By changing the capacity of the built-in high-voltage capacitor 2, the peak value of the reverse pulse applied to the high-voltage output wire 22 can be adjusted. When the capacity is increased, the peak value increases, and when the capacitance is decreased, the peak value decreases.

The present invention can have both the capacity function of applying a reverse pulse to the cathode electrode of the cathode ray tube and the capacity function of the cathode ray tube for stabilizing the high pressure.

FIG. 3 is an external view of the FBT. As shown in this figure, a high voltage output electric wire is wound around the magnetic core 23 to form a magnetic core winding anti-phase pulse generating coil 6e.

FIG. 4 is an external view of a flyback transformer according to another embodiment.

As shown in this figure, the external magnetic core winding coil 24 is provided as a separate coil in the FBT 1 and is incorporated into the FBT 1.
It is also possible to configure 1.

[0030]

According to the present invention, the high voltage output wire of the flyback transformer, which has the same amplitude as the alternating electric field, is wound around the magnetic core and the generated pulse is superimposed on the high voltage output wire. Since it is possible to cancel the horizontal pulse of the deflection yoke induced in the film, it is not necessary to use an expensive external high voltage capacitor insulated with an outer case and a casting resin, and it is inexpensive and has a high voltage part in terms of insulation.

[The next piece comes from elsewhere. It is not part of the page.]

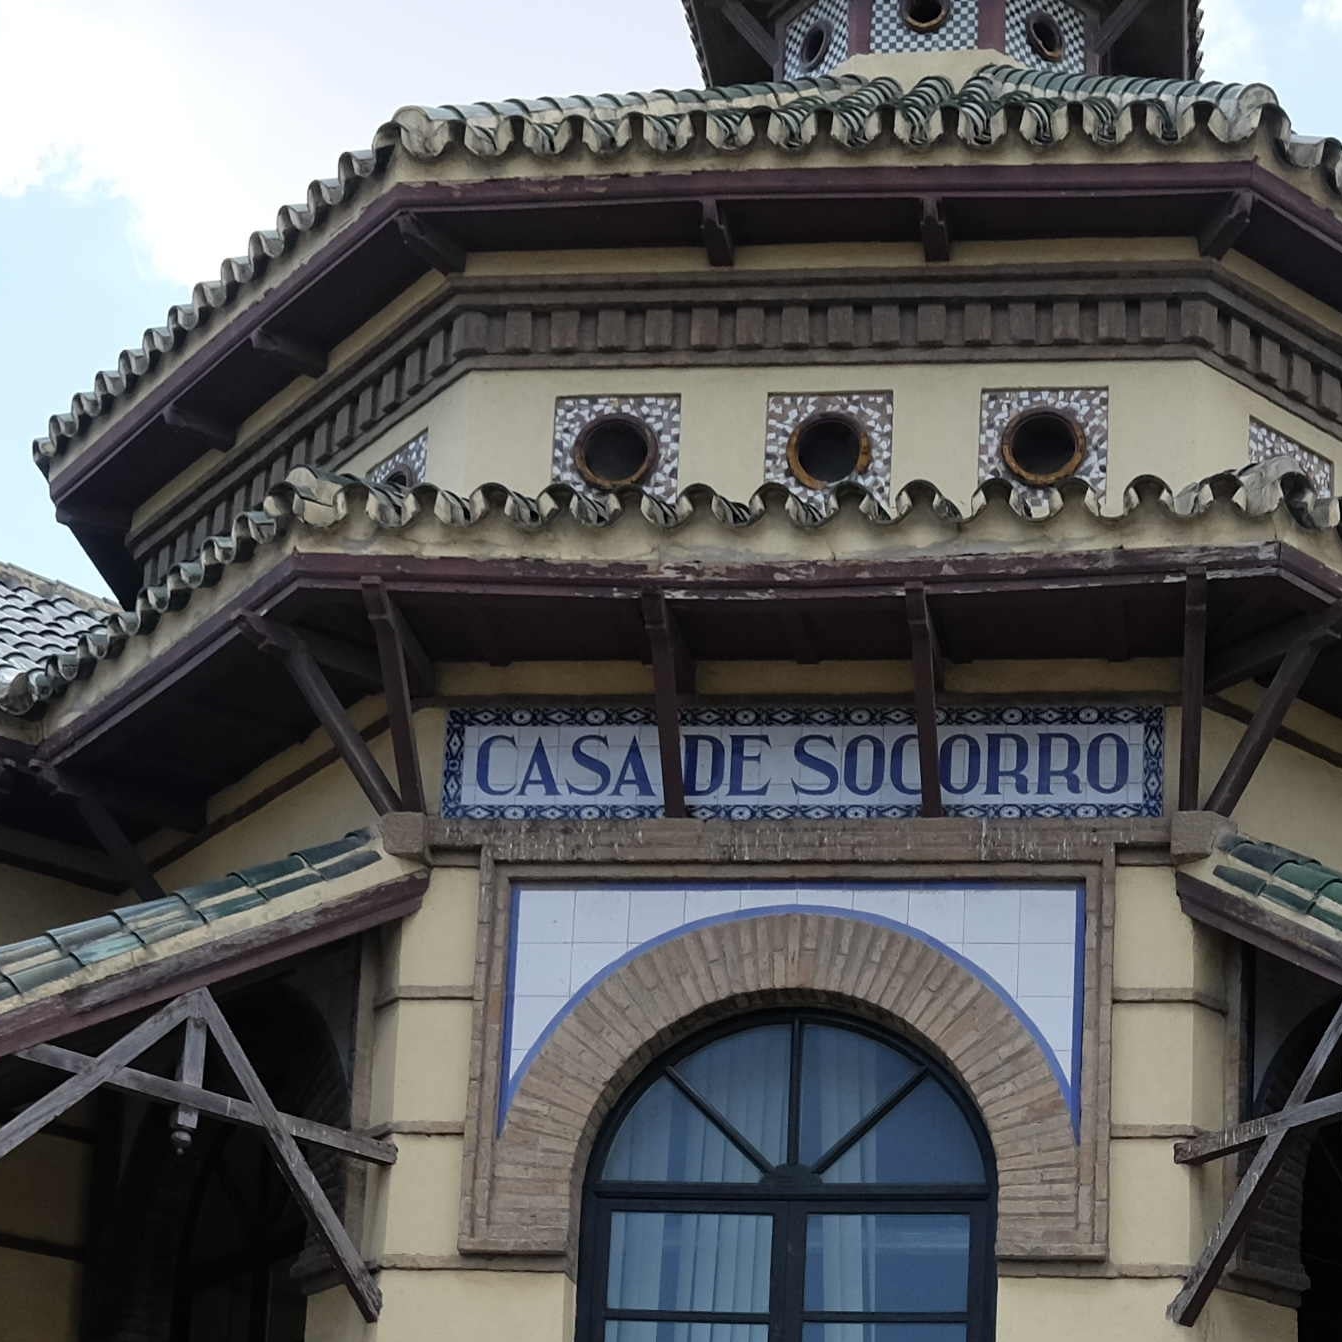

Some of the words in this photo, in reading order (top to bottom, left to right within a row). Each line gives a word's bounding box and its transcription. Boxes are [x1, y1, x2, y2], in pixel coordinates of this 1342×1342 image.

Since it is integrally insulated with an epoxy resin, the reliability is improved, and a flyback transformer that is structurally easy to handle can be provided.

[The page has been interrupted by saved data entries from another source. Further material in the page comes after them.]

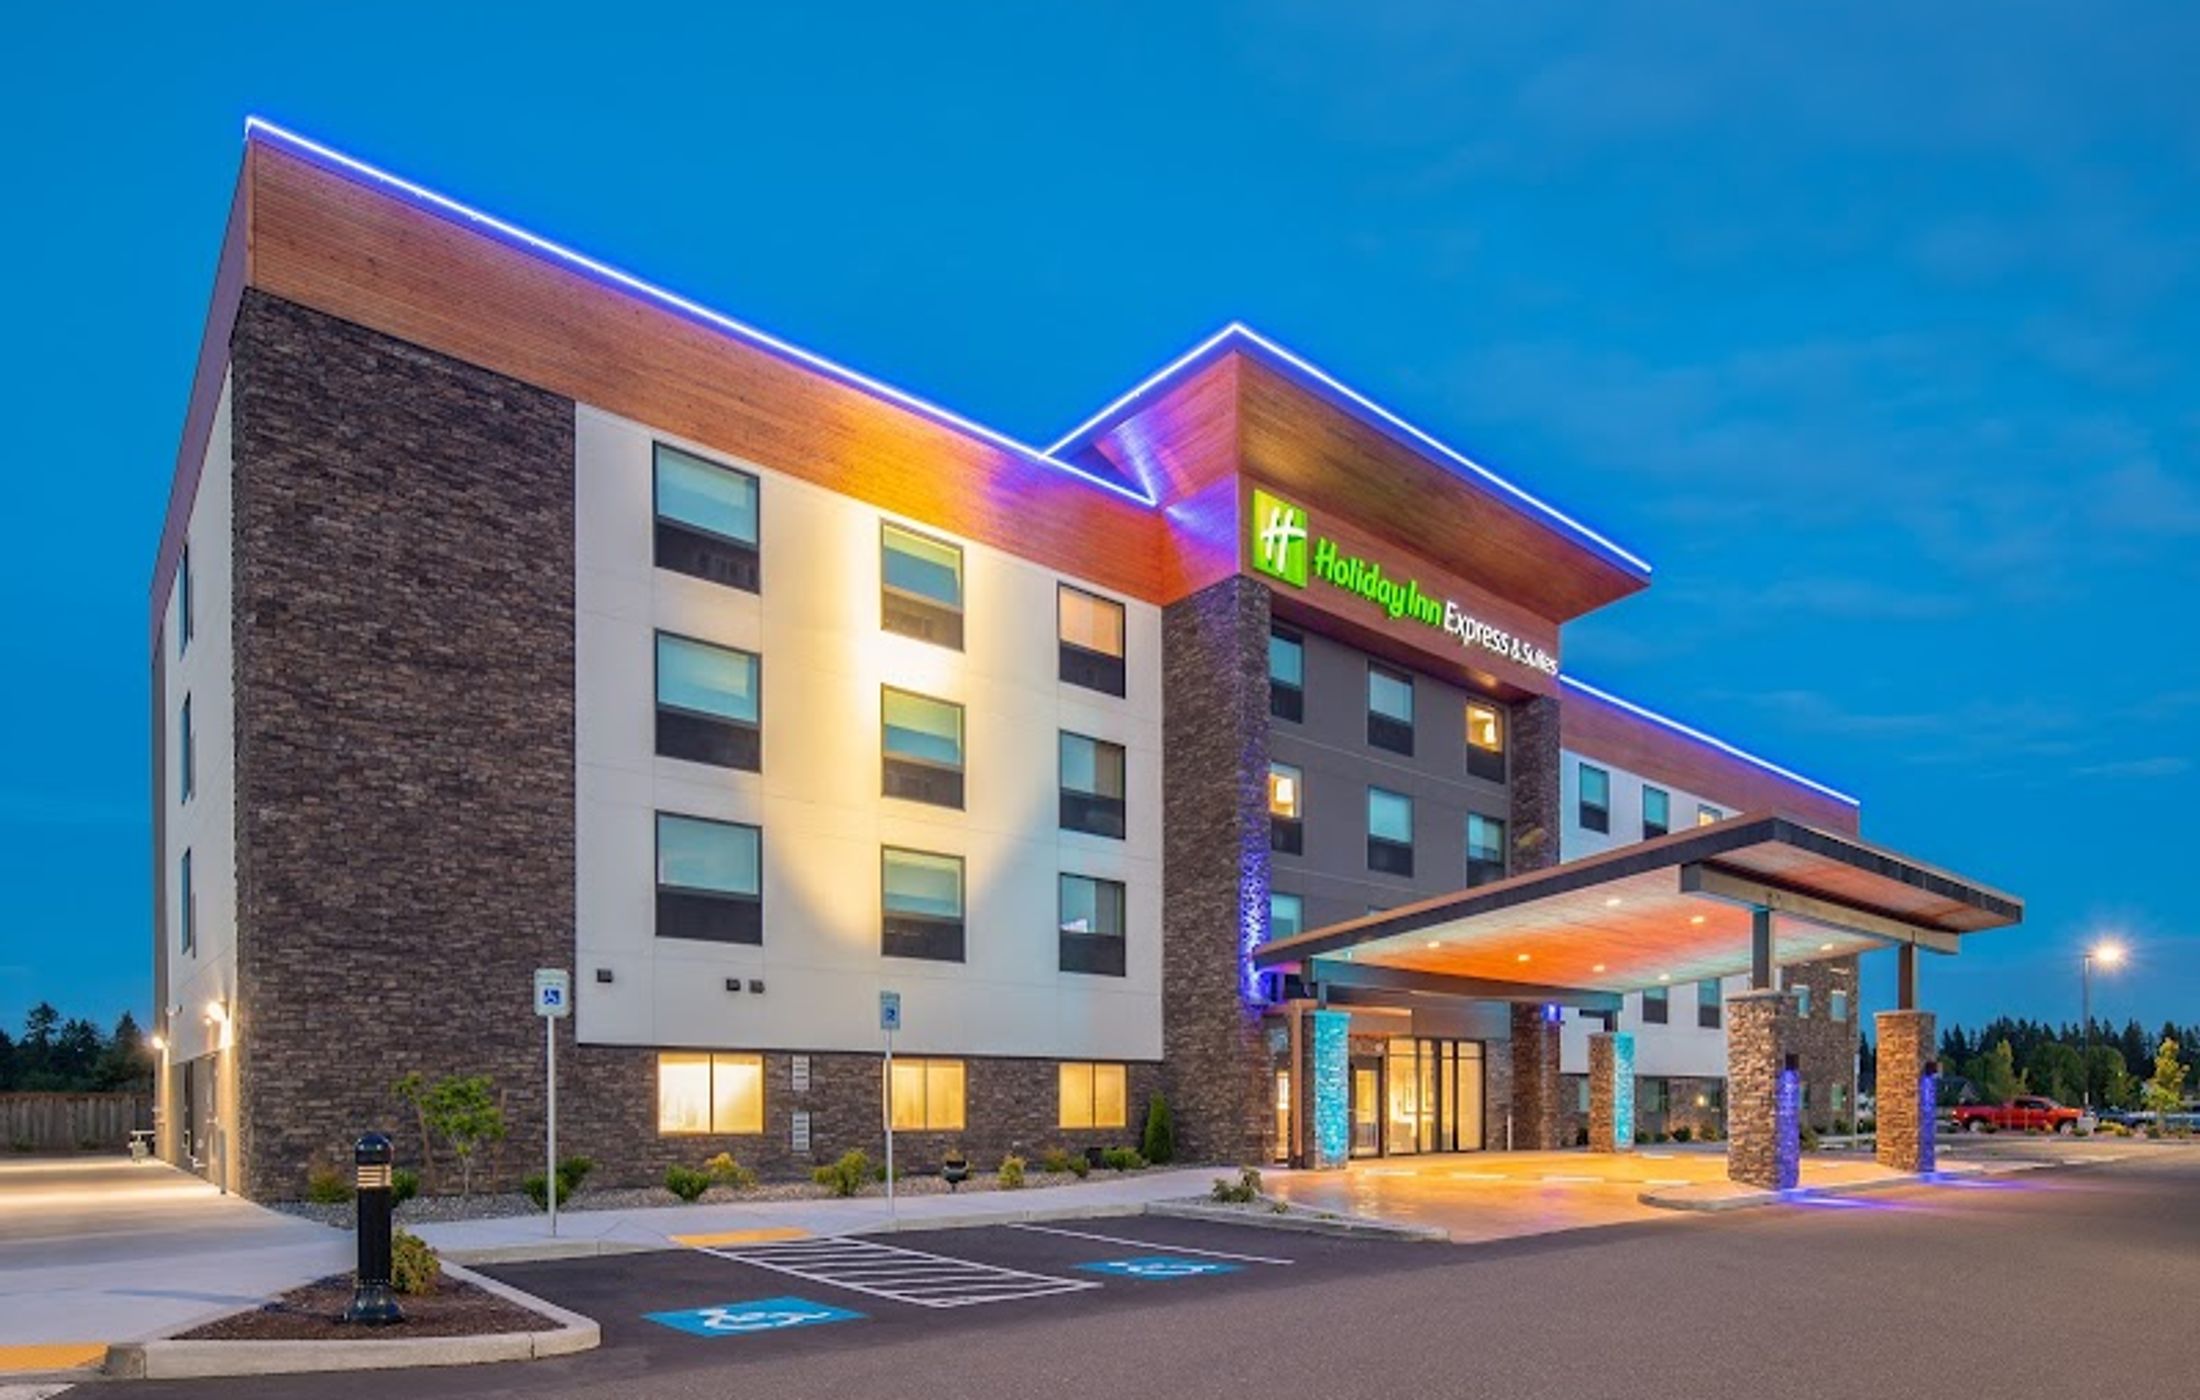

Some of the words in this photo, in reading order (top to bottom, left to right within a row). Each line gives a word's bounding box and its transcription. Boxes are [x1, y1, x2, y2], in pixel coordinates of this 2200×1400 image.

[1314, 537, 1405, 618] Holiday
[1407, 580, 1442, 626] Inn
[1444, 600, 1509, 655] Express
[1510, 638, 1521, 660] &
[1522, 643, 1558, 676] Suites

[Brief description of the drawings]

FIG. 1 is a circuit diagram of a flyback transformer according to an embodiment of the present invention.

FIG. 2 is an equivalent circuit diagram of a coil wound around a magnetic core.

FIG. 3 is an external view of a flyback transformer according to an embodiment of the present invention.

FIG. 4 is an external view of a flyback transformer according to another embodiment of the present invention.

FIG. 5 is a circuit diagram of a conventional flyback transformer for reducing an alternating electric field.

FIG. 6 is a diagram showing a system for reducing an alternating electric field.

FIG. 7 is an equivalent circuit diagram for reducing an alternating electric field.

FIG. 8 is an external view of a conventional external high voltage capacitor.

FIG. 9 is an internal circuit diagram of a conventional external high voltage capacitor.

[Explanation of symbols]

 1 Flyback Transformer (FBT) 2 Built-in High Voltage Capacitor 3a to 3d High Voltage Rectifier Diode 4 Third Side Reverse Pulse Generation Winding 5 External High Voltage Capacitor 6a to 6d High Voltage Coil 6e Magnetic Core Winding Reverse Phase Pulse Generation Coil 7 Deflection Yoke 8 Interior graphite film 9 Deflection yoke capacitance 10 High voltage / deflection circuit 11 CRT 12 Panel transparent conductive film 13 Panel transparent conductive film surface resistance 14 Panel transparent conductive film capacity 16 Horizontal output transistor 17 Primary side low voltage coil 18 Waveform comparison controller 19 Anode Cap 20 High Voltage Connector 21 GND Terminal 22 High Voltage Output Wire 23 Magnetic Core 24 External Magnetic Core Winding Coil

Claims (1)

[Claims] 1. A high-voltage rectifying diode is connected in series to the output side of each divided secondary high-voltage coil, and
In a flyback transformer in which a high voltage capacitor is connected to the cathode side of a final stage diode, the secondary high voltage output wire is wound around the magnetic core of the flyback transformer in a direction in which a pulse having a phase opposite to that of a horizontal pulse for driving a deflection yoke is generated. , A flyback transformer characterized by being connected to a cathode ray tube via an anode cap.